In Europe we are proud that our countries belong to the most equal in the world. We feel we are doing a much better job at this than the United States. A closer look, however, reveals that the inequality of income is just as high as in the US but takes on a different form. The Gini-rate (a much used indicator of inequality) of the European Union as a whole is comparable to the US, but the spending power of the poorest member state of Europe (Bulgaria) is one-third the spending power of the richest (and if everything would be equally expensive, one-tenth). In the US, the spending power in the poorest state is half of that in the richest.

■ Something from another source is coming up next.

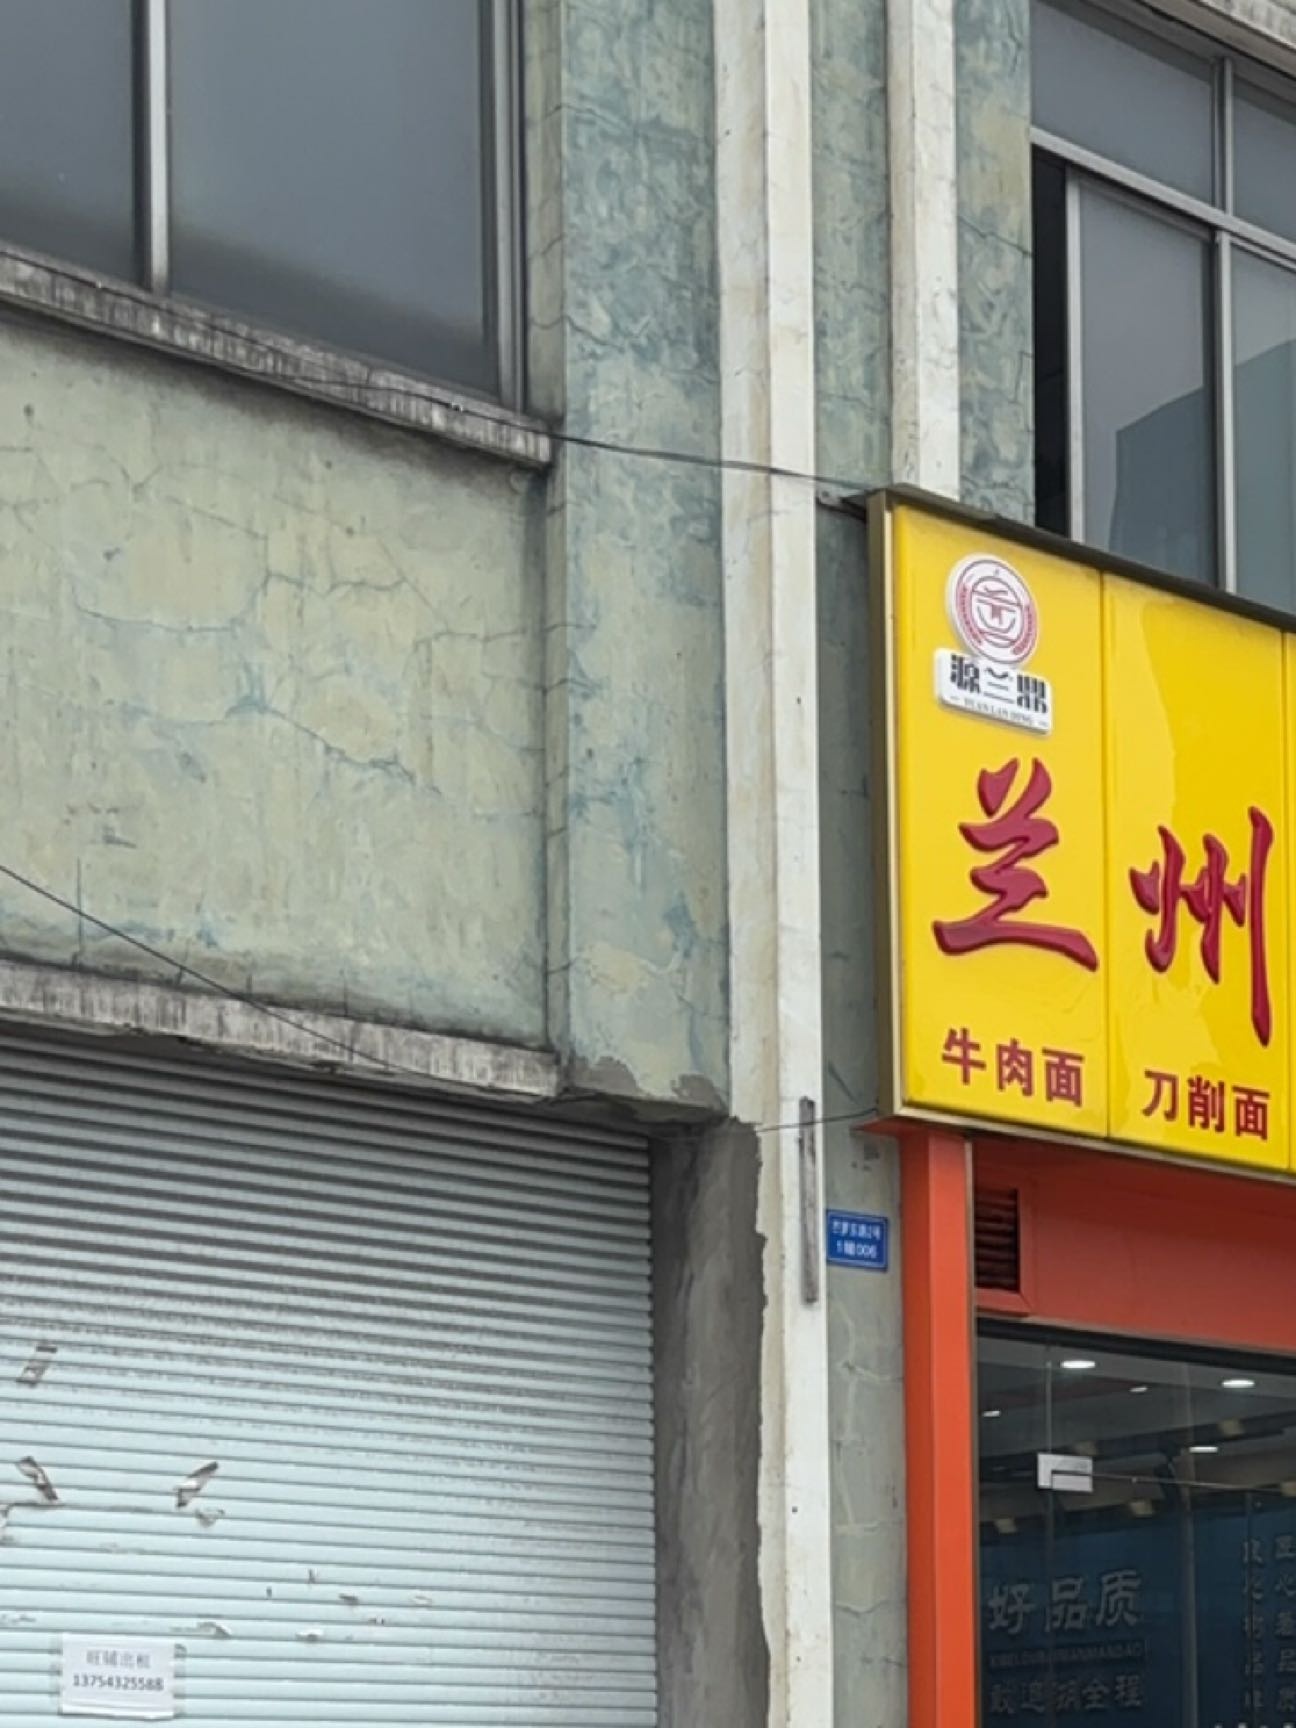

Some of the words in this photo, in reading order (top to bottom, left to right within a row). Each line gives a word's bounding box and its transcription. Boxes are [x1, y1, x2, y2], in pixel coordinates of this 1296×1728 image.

[941, 1027, 1085, 1108] 牛肉面
[1142, 1068, 1270, 1141] 刀削面

As long as the EU was a cooperation of separate, sovereign states, this disparity was unproblematic. With the establishment of the Euro-zone and the ever increasing importance of European policy for constituent states, however, it did become a problem.

To reach a just solution for the Greeks, it is important to realise why Greece joined the union in the first place (in 1981) and why the Euro-zone was established. Germany and other North-west European countries had production and liquidity surpluses. This may seem a luxury problem, but too much money in the banks limits the economic growth of a country. Both problems were solved by allowing countries with production and liquidity deficits into the European Union and lend them the money to buy North-west European products. Greece was a new market and at the same time the borrower of surplus money, so that Germany’s economy could grow again by way of Greece. Long before becoming minister of Economics, Yanis Varoufakis analysed this fundamental problem and in 2010 gave an indication of the direction a solution could be found, which came to the fore, to no avail, at the negotiation tables.

Of equal importance is the inequality in Greece itself. After the institution of the Euro-zone, prices rose to Western-European heights, while the minimum wage did not rise with it and even spectacularly dropped in the course of the crisis. Whereas Greece had a large middle class in the nineties, the difference between rich and poor has grown steadily since the accession to the Euro-zone. In 2009 27.6% of the Greeks risked poverty and social exclusion (source Eurostat; for the Netherlands, the figure was 1.4%); this had risen to 36% in 2014 (The Netherlands in 2013, 2.5%).

In Greece, as in most European countries, the burden of the crisis is carried by the middle- and lower classes. Rich Greeks pay comparatively low taxes, there is hardly any capital tax, and several lucrative types of income (from shipping business, trade in Greek stocks and at the Greek stock exchange for instance) are exempt from taxation. The consequences of the neo-liberal austerity measures of the European Commission and the IMF are that tens of thousands of jobs were lost, middle- and small businesses were heavily hit by the slump in spending power, and the haphazard and severe tax measures impoverished mainly those in the middle and lower income bracket, resulting in a tragic humanitarian crisis.

In the meanwhile, the rich Greeks cheerfully continue to drink their cocktails. A study of the Greek professor of economics and former minister Tassos Giannitsis pointed out that the tax burden for the poorest Greeks had risen 337% during the crisis, while the rich only saw an increase of 9%. At the same time, European countries like the Netherlands and Germany facilitated capital flight and tax evasion, for instance through catering for “letter-box companies”.

The European Commission and the IMF are not well known for their love of Piketty. However, if the Troika really wants to help Greece, they should follow a course that allows and enables Greece to share the burden of the crisis more fairly and move toward a greater equality. They should introduce a capital tax on a European level, prevent and even reverse capital flight and cut off the routes to tax evasion. This would give Greece a realistic perspective on solving its debts. More importantly, the European project can only survive if European policy is aimed at social justice within Europe.